In January before the primary election in May of that year, Walker’s congressional campaign had only $ 9,000 cash on hand, far less than Bergers.
Throughout his political career, from the moment he signaled his willingness to challenge Coble, Walker has demonstrated a mentality that “the rules do not apply to him and no one will take it personally,” a North Carolina said Republicans familiar with the former congressman’s career.
“It’s become problematic for him, especially over the last two to three years.”
Walker quickly emerged as a leader in Congress and became chairman of the Republican Committee of Inquiry after his first term and then vice president of the House Republican Conference in 2019.
But months after his threat to Primary Tillis, the state’s GOP establishment came after him, offering Walker’s House seat to shape the state’s Supreme Court, which ordered lawmakers to draw a fairer congressional card. Tillis is a former speaker in the state House – and among the state’s congressional delegation, Walker had fewer friends in Raleigh, even before he publicly considered accepting their former leader.
“In general, the Legislative Assembly tends to look for members of its own party when drawing, especially congressional cards,” said Michael Bitzer, a North Carolina political commentator and professor of politics and history at Catawba University. “As a rule, these people have some deep connections with members of the General Assembly.
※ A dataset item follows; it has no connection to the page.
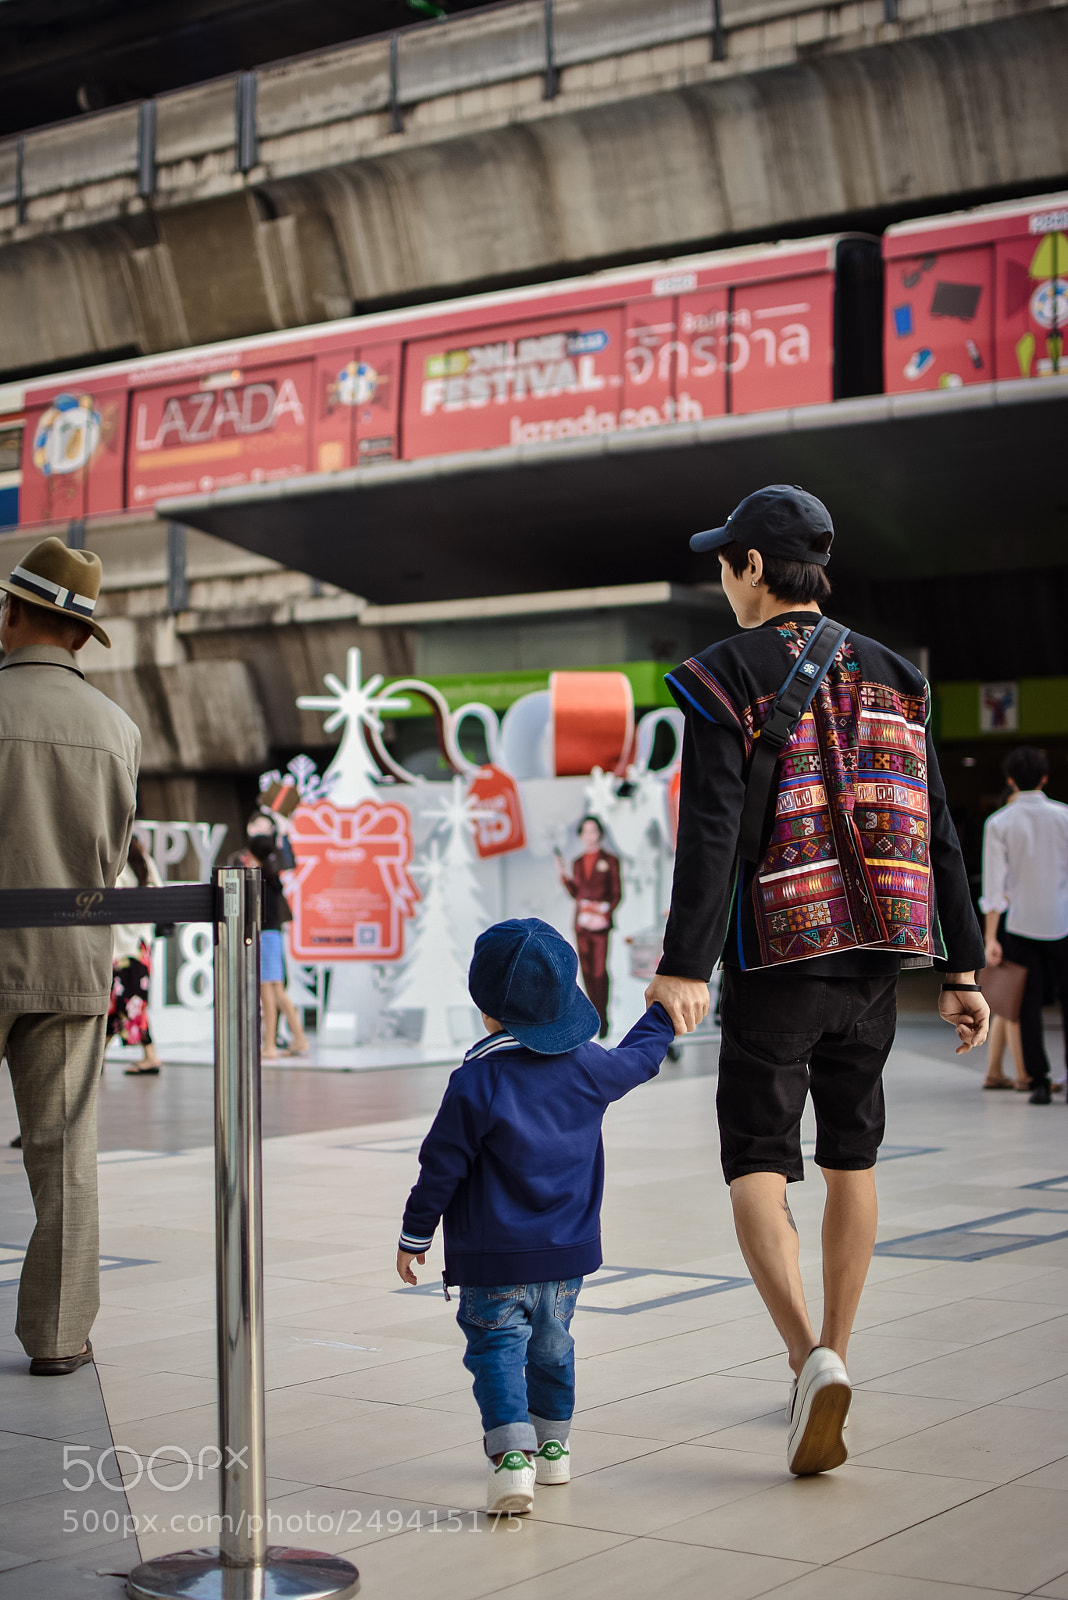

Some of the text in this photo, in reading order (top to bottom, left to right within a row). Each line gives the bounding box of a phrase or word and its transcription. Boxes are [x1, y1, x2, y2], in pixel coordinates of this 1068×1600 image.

[421, 354, 604, 416] FESTIVAL
[624, 323, 809, 386] จักรวาล
[135, 378, 305, 451] LAZADA
Maybe Walker just did not have that affiliation with lawmakers when he was sacrificed in 2019.”
While Walker is on vacation to come up with a decision on his campaign plans, he is still waiting for Trump’s public approval of the seat in the House.
“If he stays inside, he hurts Budd, no doubt about it,” said Doug Heye, a Republican strategist and native of North Carolina who is a former communications director for the Republican National Committee. “He does not take votes from McCrory. He only takes them from Budd.”
As part of the event concluded at the Mar-a-Lago meeting, which was attended by Club for Growth President David McIntosh, rep. Madison Cawthorn (RN.C.) and congressional candidate Bo Hines, Hines would move his campaign from the 7th District to the 4th with Trump’s approval, while Trump would support Walker to run in the 7th, much of which he previously represented. Hines has not yet announced its plans either.
“I think for most realists, it’s a question of when, not whether, he decides to drop out of the Senate race,” Bitzer said of Walker. “It would be a minor miracle to carry out a disturbance of that magnitude.”